Shares in alcoholic drinks giant Diageo (DGE) weakened 19.25p to £30.91 on Thursday after the Johnnie Walker whisky-to-Smirnoff vodka maker downgraded this year’s top line growth guidance to reflect a tough first half, emerging market headwinds and very demanding comparatives.

Eagle-eyed investors won’t have been caught off guard by news of a soft first half from Diageo.

At September’s AGM, the FTSE 100 spirits giant said it expected first half organic operating profit growth to be ‘in-line with or slightly behind organic net sales growth’, and also warned it would ‘not be immune from significant changes to global trade policy’.

PRUDENTLY DOWNGRADING GUIDANCE

In today’s first half results statement, the Don Julio tequila-to-Captain Morgan rum maker revised down its full year 2020 net sales growth guidance, with chief executive Ivan Menezes now expecting ‘organic net sales growth to be towards the lower end of our 4 to 6% mid-term guidance range’.

The downgrade reflects a cocktail of factors.
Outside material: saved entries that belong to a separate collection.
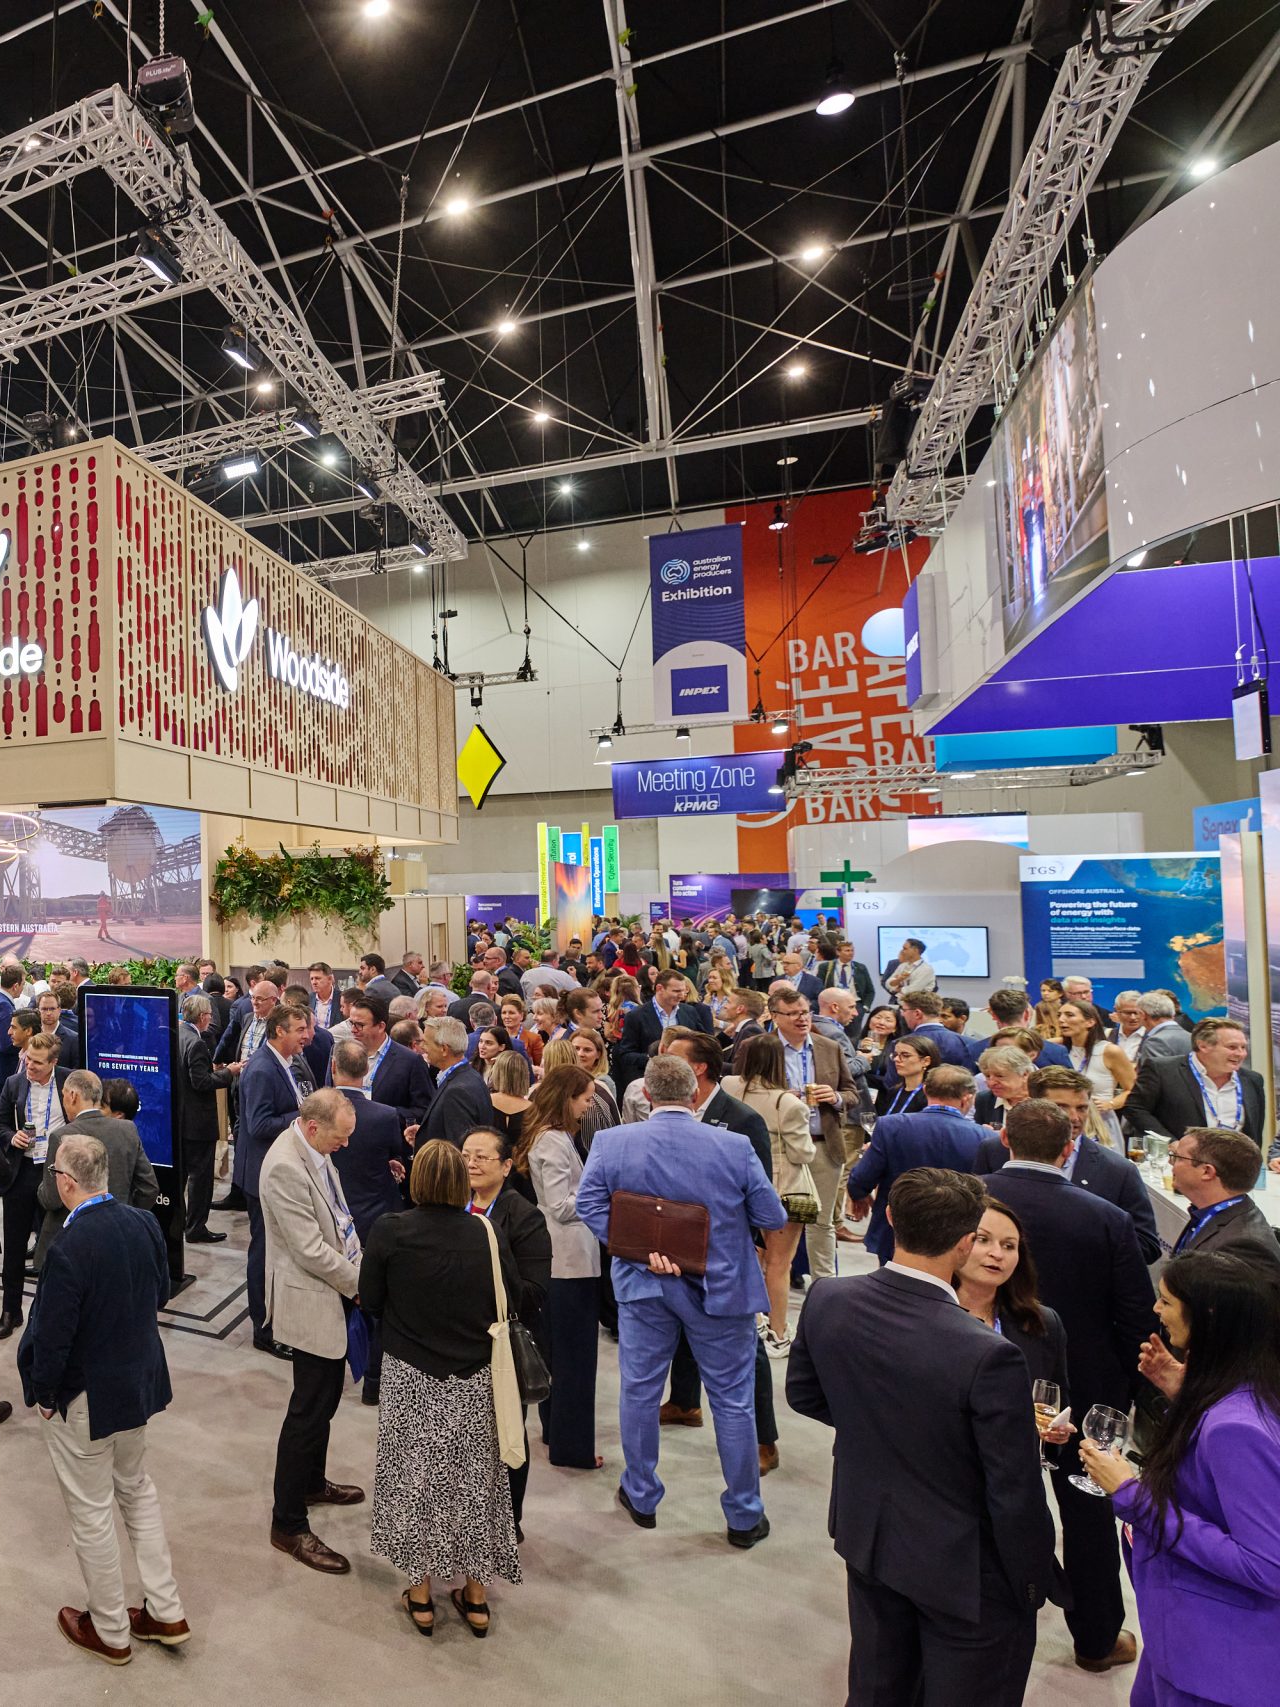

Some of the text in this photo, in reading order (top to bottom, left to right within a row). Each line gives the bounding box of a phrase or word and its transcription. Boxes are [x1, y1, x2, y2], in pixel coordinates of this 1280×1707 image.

[692, 555, 732, 566] australian
[693, 563, 720, 572] energy
[693, 568, 732, 580] producers
[661, 585, 732, 602] Exhibition
[788, 631, 859, 674] BAR
[265, 626, 349, 710] Woodside
[678, 685, 720, 697] INPEX
[637, 765, 756, 793] Meeting Zone
[673, 799, 719, 812] KPMG
[568, 852, 577, 865] rol
[593, 847, 601, 878] Operations
[1027, 866, 1056, 875] TGS
[853, 901, 880, 910] TGS
[1049, 901, 1092, 909] Powering
[1109, 900, 1138, 908] future
[1061, 909, 1093, 917] energy
[1090, 916, 1126, 924] insights
[20, 922, 58, 933] AUSTRALIA
[98, 1061, 109, 1069] FOR
[111, 1063, 138, 1071] SEVENTY
Diageo is witnessing increased levels of emerging markets volatility in places like India and Latin America, while also experiencing challenging trading conditions in Hong Kong and the Middle East.
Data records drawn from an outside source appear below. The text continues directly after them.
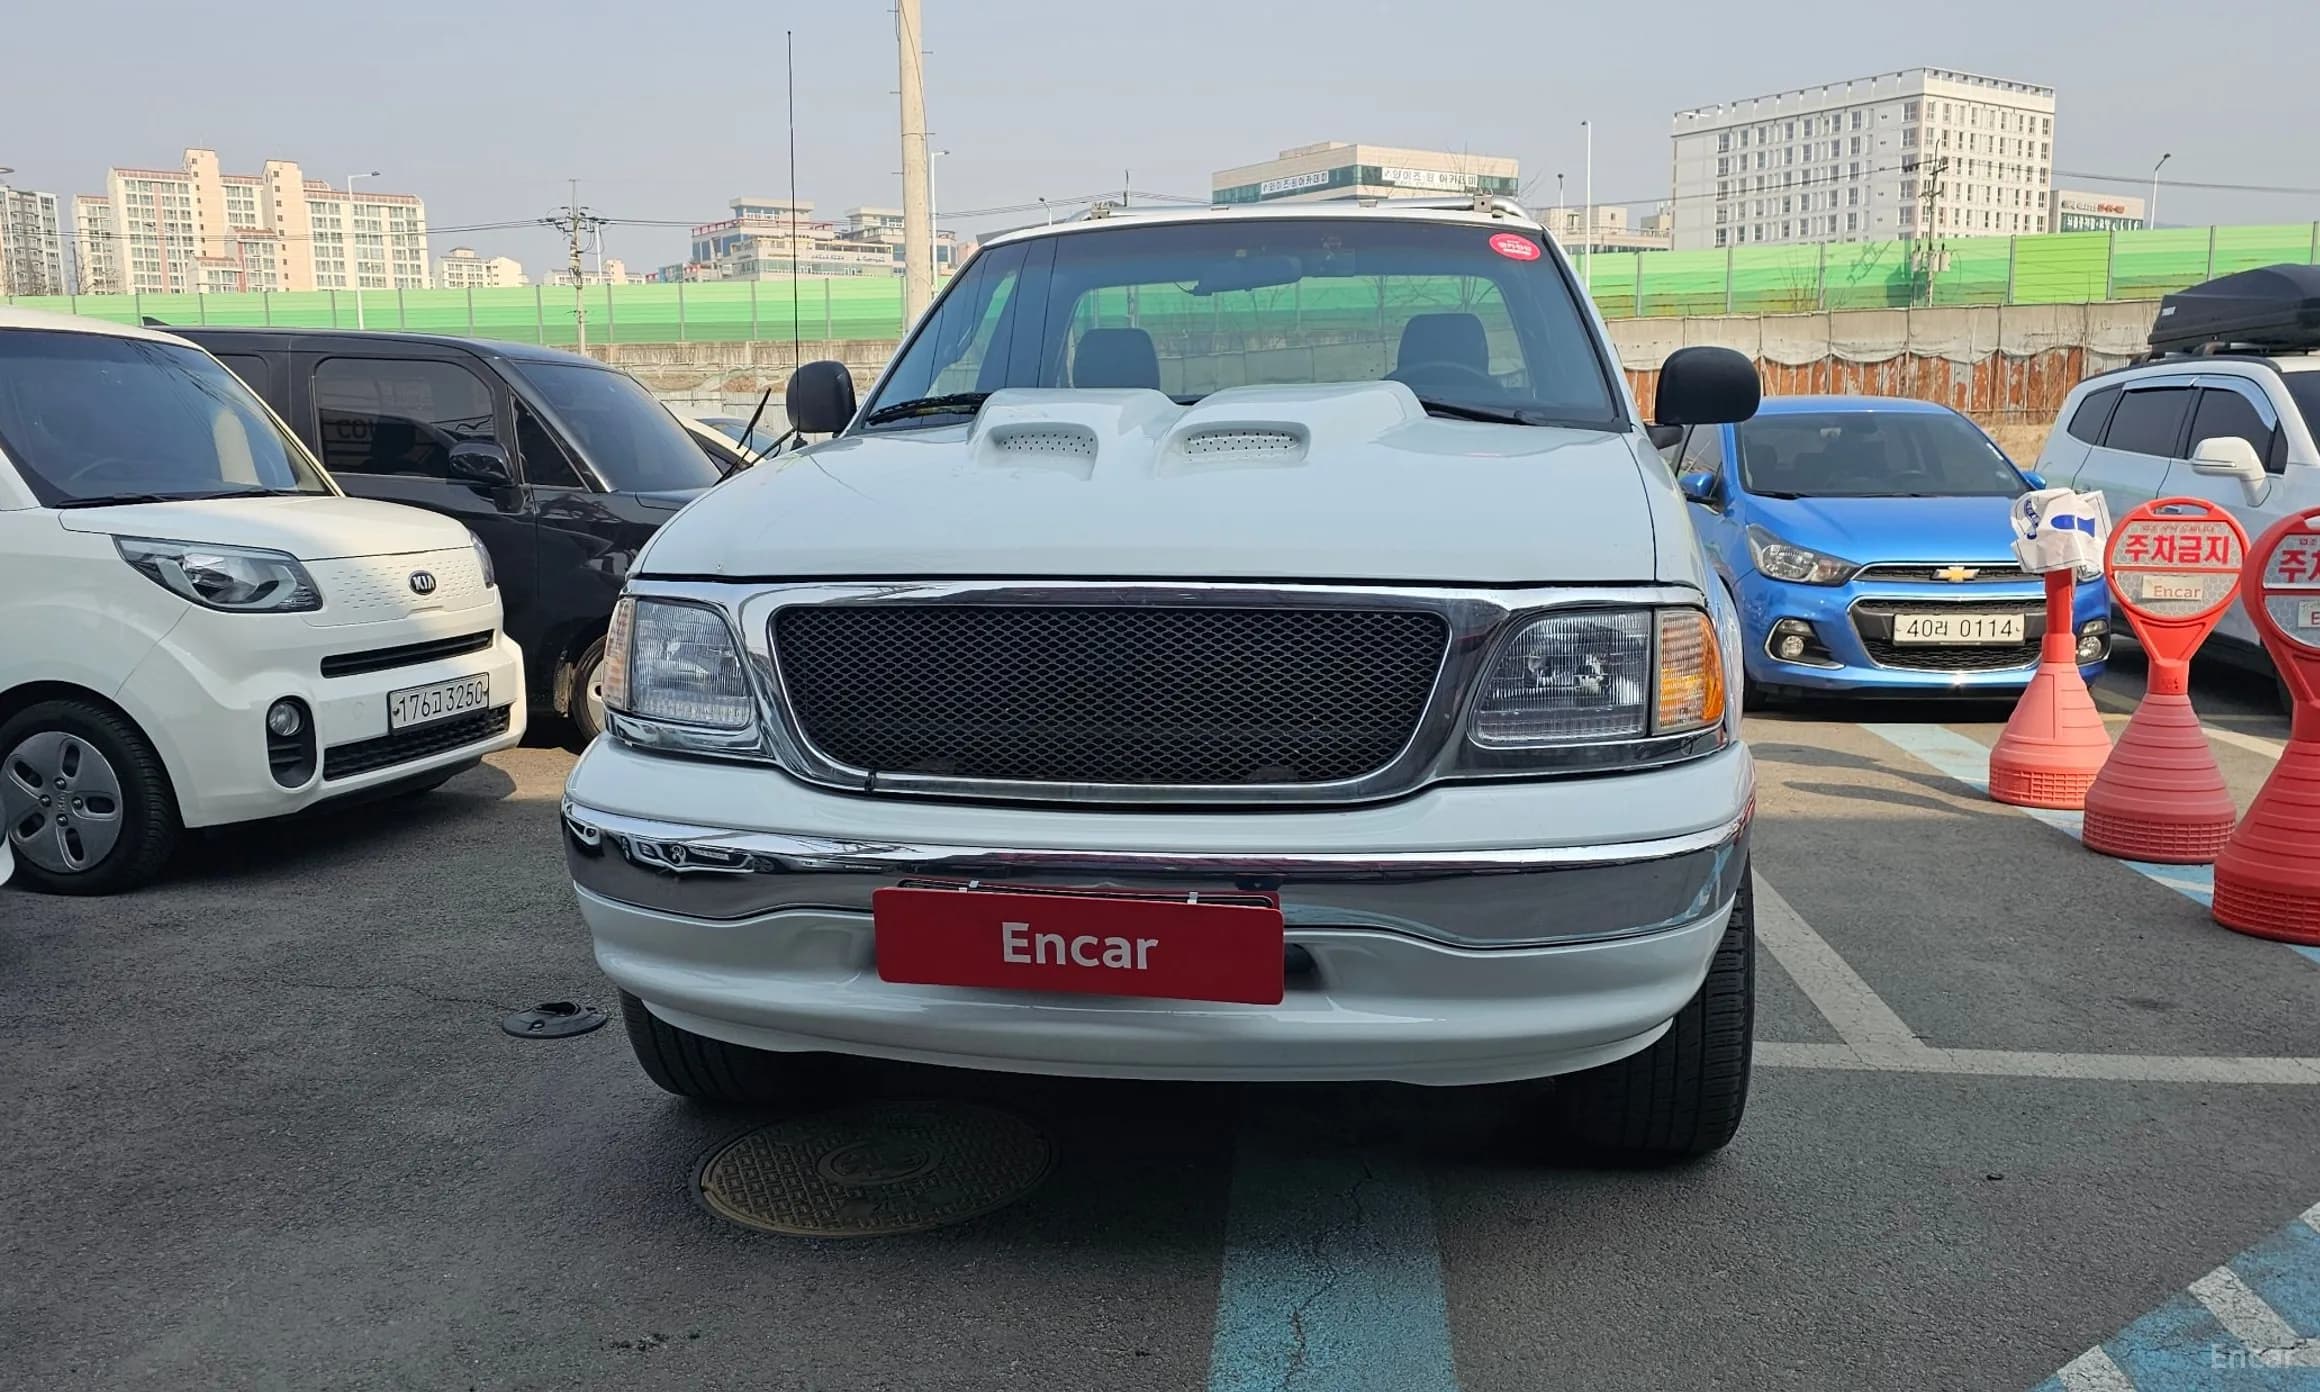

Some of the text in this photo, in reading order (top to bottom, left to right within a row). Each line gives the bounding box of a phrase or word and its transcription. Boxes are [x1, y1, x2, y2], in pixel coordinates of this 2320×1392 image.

[2125, 534, 2230, 565] 주차금지
[412, 575, 436, 590] KIA
[2153, 585, 2201, 598] Encar
[1960, 619, 2013, 638] 0114
[446, 680, 483, 712] 3250
[1002, 921, 1159, 970] Encar
Menezes and his team remain concerned over global trade policy and the potential for the coronavirus to dent China and airport demand.

Furthermore, the beverages business is lapping exceptional prior year comparatives following the strong performance achieved by ‘White Walker by Johnnie Walker’, with US tariffs and the strength of the pound creating additional headwinds.

CASH MACHINE YOU CAN COUNT ON

Despite these challenges, Diageo’s results for the six months to December were still very robust. The steady performer reported organic sales growth of 4.2%, in line with consensus and reflecting growth across regions and categories.

Organic operating profit grew by a better than expected 4.6%, although reported earnings per share was down 2.1% due in part to a one-off settlement with the French taxman.

During the half Diageo, a play on a rising middle class in developing economies, delivered almost £1bn of free cash flow and returned £1.1bn in buybacks to shareholders who are also being treated to a 5% hike in the half time dividend to 27.41p.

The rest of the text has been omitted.